The sample-files/ directory contains example outputs to showcase MeetMemo's capabilities:
GenAI Week - AI x SaaS.wav- Sample audio file for testing (36MB, ~1 hour)GenAI_Week_-_AI_x_SaaS_Transcript_2026-01-04_23-47.pdf- Professional PDF transcript with speaker labelsGenAI_Week_-_AI_x_SaaS_Transcript_2026-01-04_23-47.md- Markdown transcript exportGenAI_Week_-_AI_x_SaaS_2026-01-04_23-46.md- AI-generated summary with key insights and action itemsMeetMemo-DEMO_v2.0.0.gif- Application demonstration GIF showcasing new UI
genai-week---ai-x-saas_transcript_2025-08-31_v1.0.0.json- Complete diarized transcript with speaker identificationgenai-week---ai-x-saas_summary_2025-08-31_v1.0.0.pdf- Professional PDF summarygenai-week---ai-x-saas_summary_2025-08-31_v1.0.0.markdown- Markdown version of summaryMeetMemo_Demo_v1.0.0.gif- Legacy demonstration GIF
These files demonstrate the complete workflow from audio upload to final deliverables, showing the quality and format of MeetMemo's output.
- Audio Recording & Upload: Record meetings directly in the browser or upload existing audio files (MP3, WAV, M4A, FLAC, etc.)
- Advanced Speech Recognition: Powered by OpenAI's Whisper for high-accuracy transcription in 99+ languages
- Speaker Diarization: Automatically identify and label different speakers using PyAnnote.audio v3.1
- AI-Powered Summarization: Generate concise summaries with key points, action items, and next steps using custom LLMs
- Real-time Processing: Monitor transcription progress with live status updates and job management
- Speaker Management: Edit and customize speaker names with persistent storage across sessions
- Export Options: Download transcripts as TXT/PDF and summaries with professional formatting
- HTTPS Support: Secure SSL setup with auto-generated certificates for production deployment
- Dark/Light Mode: Toggle between themes for comfortable viewing with responsive design
- Multi-language Support: Automatic language detection or specify target language for better accuracy
MeetMemo is a containerized application with three main services:
- Backend: FastAPI server with Whisper, PyAnnote, and LLM integration
- Frontend: React 19 application with modern UI components
- Nginx: Reverse proxy with SSL termination and request routing
- Docker: Install Docker
- Docker Compose: Install Docker Compose
- NVIDIA GPU: Required for optimal performance (CUDA-compatible)

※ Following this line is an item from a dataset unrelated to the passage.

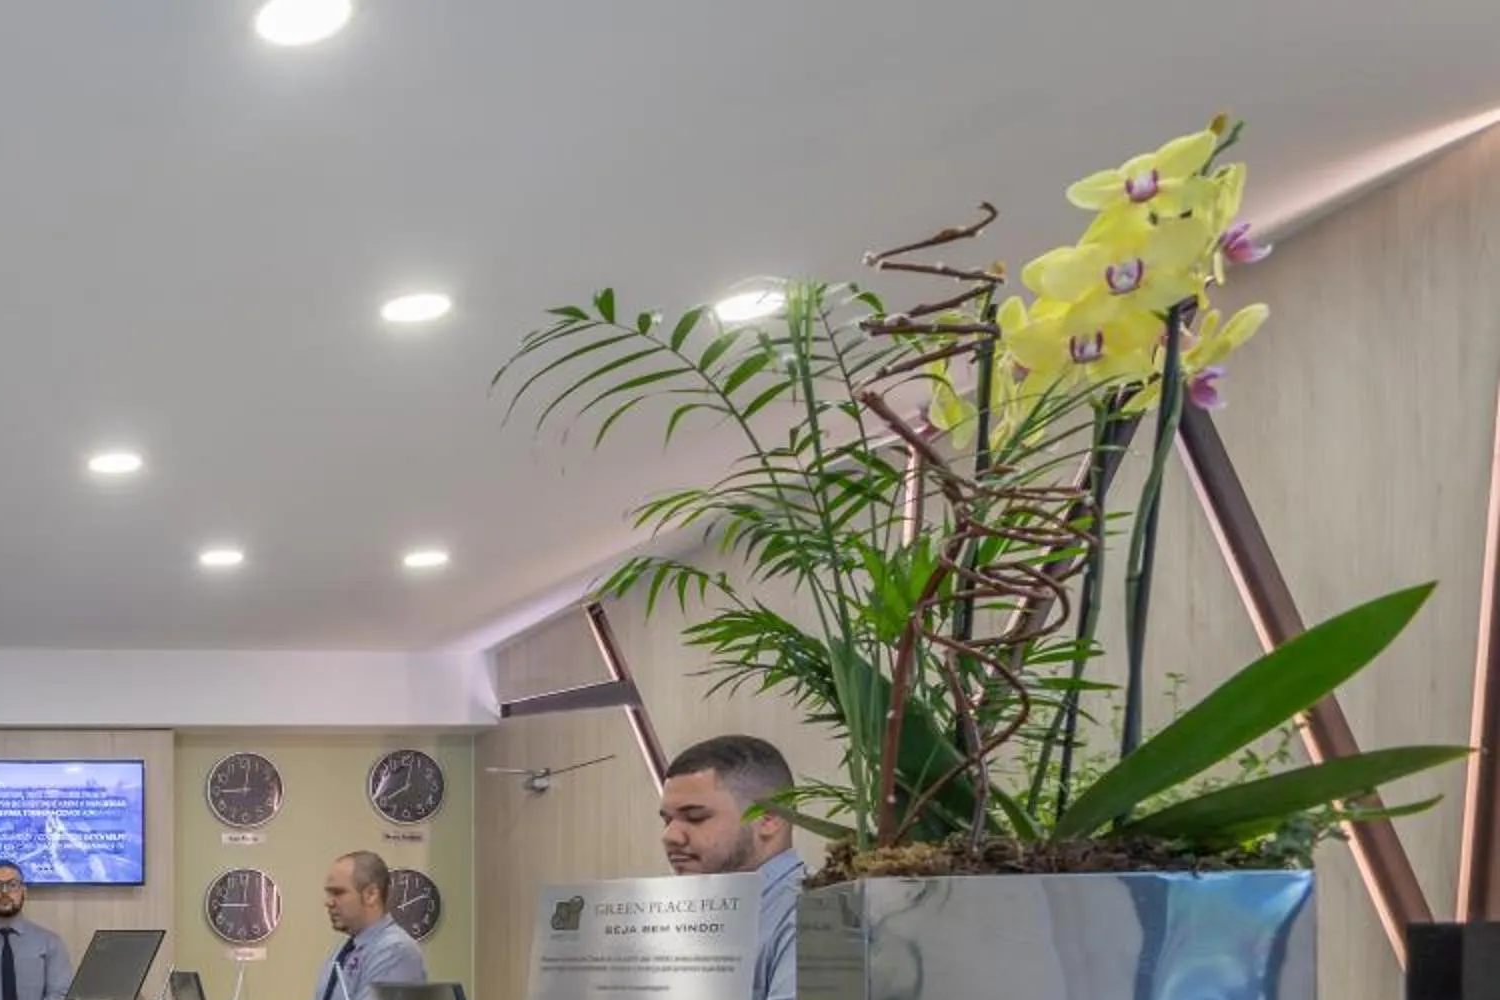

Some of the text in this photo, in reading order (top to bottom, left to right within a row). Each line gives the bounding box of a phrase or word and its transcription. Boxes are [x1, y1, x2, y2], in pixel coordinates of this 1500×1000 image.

[595, 897, 741, 916] GREEN PLACE FLAT
[604, 925, 637, 935] SEJA

- RAM: Minimum 8GB recommended (16GB+ for large files)
- Storage: At least 10GB free space for models and audio files
- Hugging Face Account: Required for PyAnnote model access
- LLM API: External LLM service for summarization (OpenAI, Anthropic, etc.)
-
Clone the repository:
git clone https://github.com/notyusheng/MeetMemo.git cd MeetMemo -
Accept Hugging Face model licenses:
Visit these pages and accept the licenses (fill in any required fields):
-
Create Hugging Face access token:
- Go to Hugging Face tokens page
- Click "New token", choose
Readscope, and copy the token
-
Set up environment file:
cp example.env .env
Edit
.envand update the required variables:HF_TOKEN=your_huggingface_token_here LLM_API_URL=your_llm_url_here LLM_MODEL_NAME=your_llm_model_name_here LLM_API_KEY=your_llm_api_key_here TIMEZONE_OFFSET=+8
-
Build and run:
docker compose build docker compose up
-
Access the application:
Open your browser and navigate to
https://localhost
- Upload/Record: Upload an audio file or record directly in the browser
- Transcribe: Click "Start Transcription" to begin processing
- Review: View the diarized transcript with speaker labels
- Customize: Edit speaker names for better identification
- Summarize: Generate AI-powered summaries with key insights
- Export: Download transcripts and summaries for future reference
- Speaker Management: Click speaker labels to rename them with persistent storage
- Custom Prompts: Use custom prompts for tailored summarization (technical analysis, action items only, etc.)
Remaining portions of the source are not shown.